Wood stove/double flu chimney

Last Edited By Krjb Donovan
Last Updated: Mar 13, 2014 03:11 PM GMT

QuestionEdit

We burn wood in a Vermont Castings Encore stove in our living room. It heats very well. However, we have an outside double flu 25' chimney (one side for the wood and the other for the oil furnace). On quiet, warmer days smoke from the wood fire comes back down the oil furnace flu. It smells up the entire basement. When the oil furnace is running and that flu warms up, the problem seems to go away, but that kind of defeats the purpose of the wood stove since it means burning more oil. Someone suggested cracking a window in the basement just enough to equalize the air pressure. This does not seem to work. We were also told to build a weir between the 2 flues on the top of the chimney, which we did to no avail. Another suggestion is to extend the oil furnace flu by adding a length of pipe to the chimney on the outside. We haven't tried this yet, but wonder if you think this would work.
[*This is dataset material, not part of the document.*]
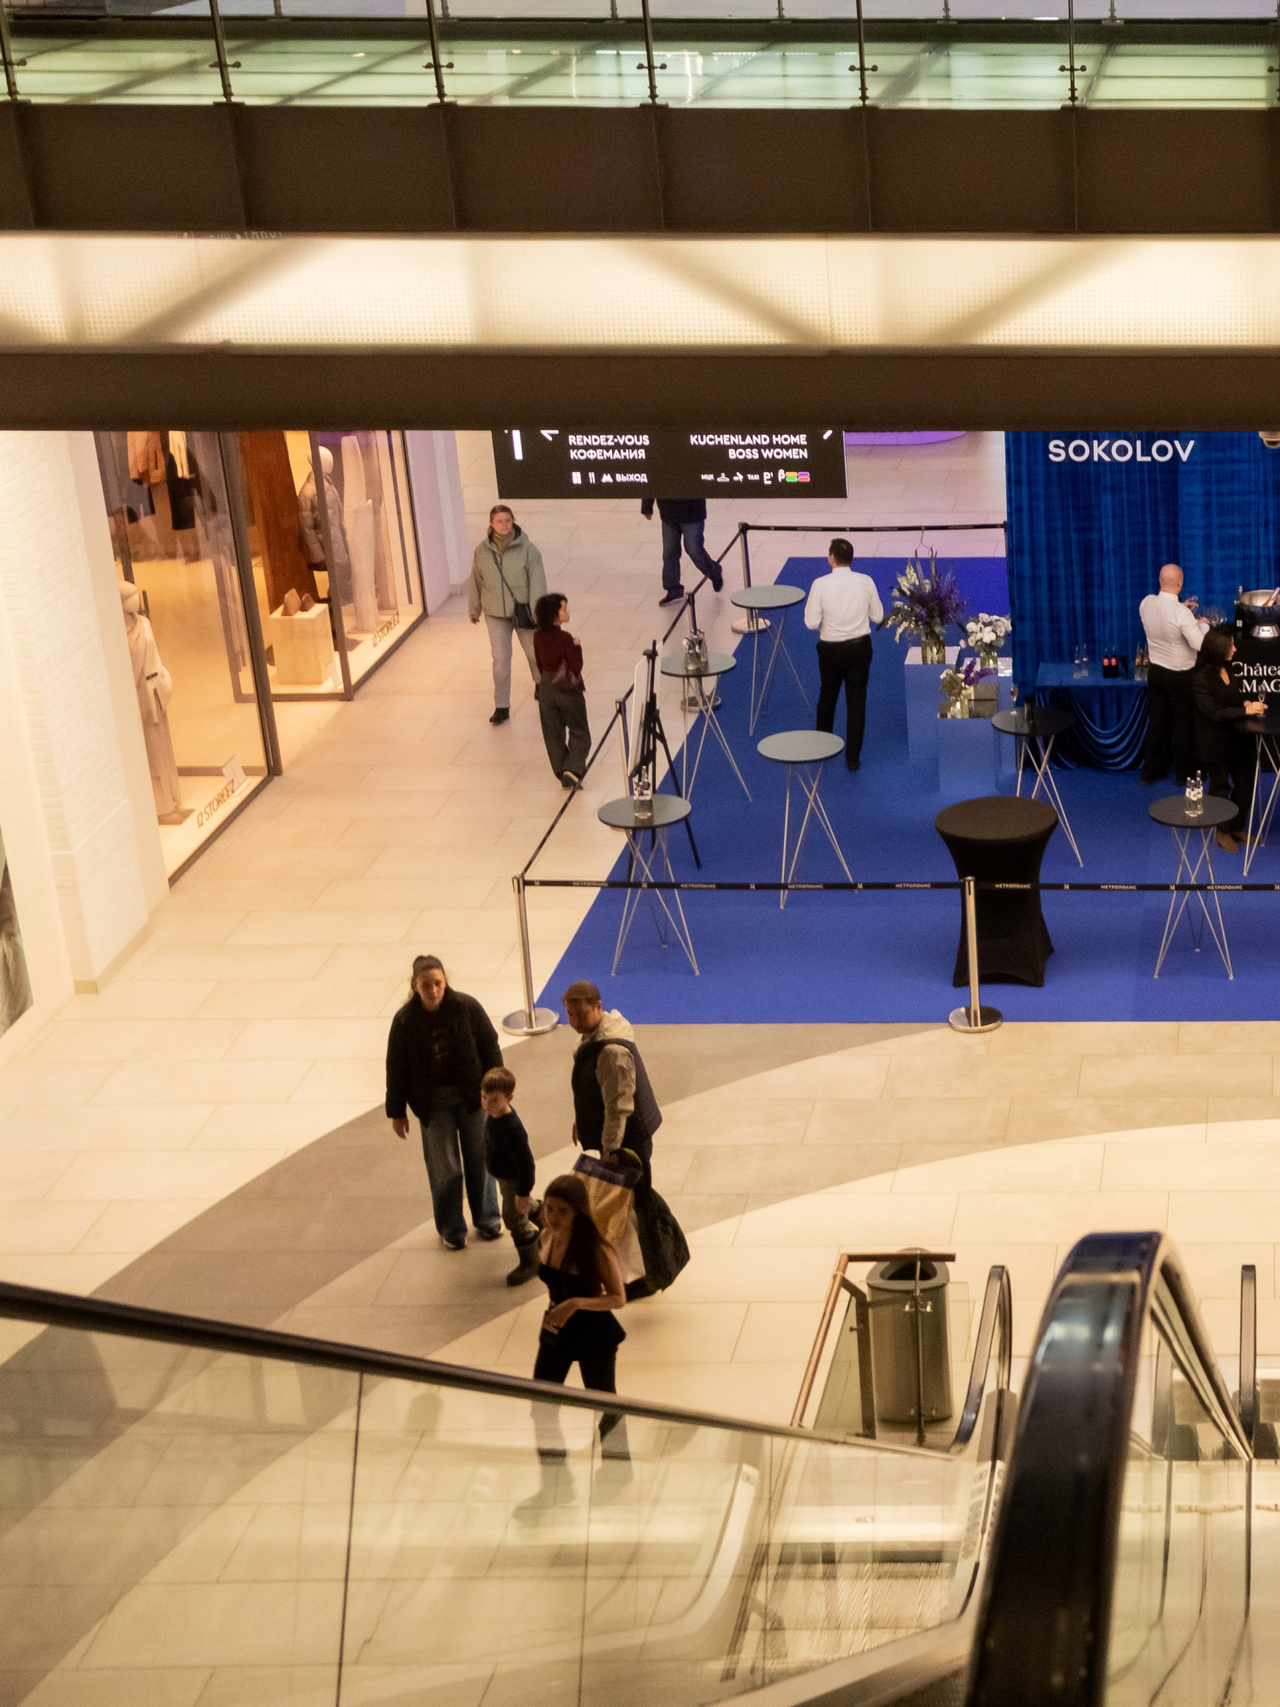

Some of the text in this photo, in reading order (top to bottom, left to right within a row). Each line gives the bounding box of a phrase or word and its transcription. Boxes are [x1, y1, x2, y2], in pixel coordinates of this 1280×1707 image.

Another suggestion, is adding an air induction kit to the wood stove, which allows fresh air from the outside into the wood stove (not sure why this would help in any way for the oil chimney).On colder days, we have no problem. The stove works great - it's the chimney that is giving us the problem.

AnswerEdit

There are many other reasons a fireplace/wood stove will smoke, negative pressure, that is hot air rising in your home (and getting out through the attic vents, doors, lights) your house is a better chimney than your chimney. Also kitchen/bathroom exhaust fans, Radon systems, cloths dryers and the furnace all take house air out of the house (mechanical negative pressure) I would have a local Certified Chimney Sweep www.csia.org, (there you can look up by zip code to find one near you) take a first hand look at what you have they should be able to help.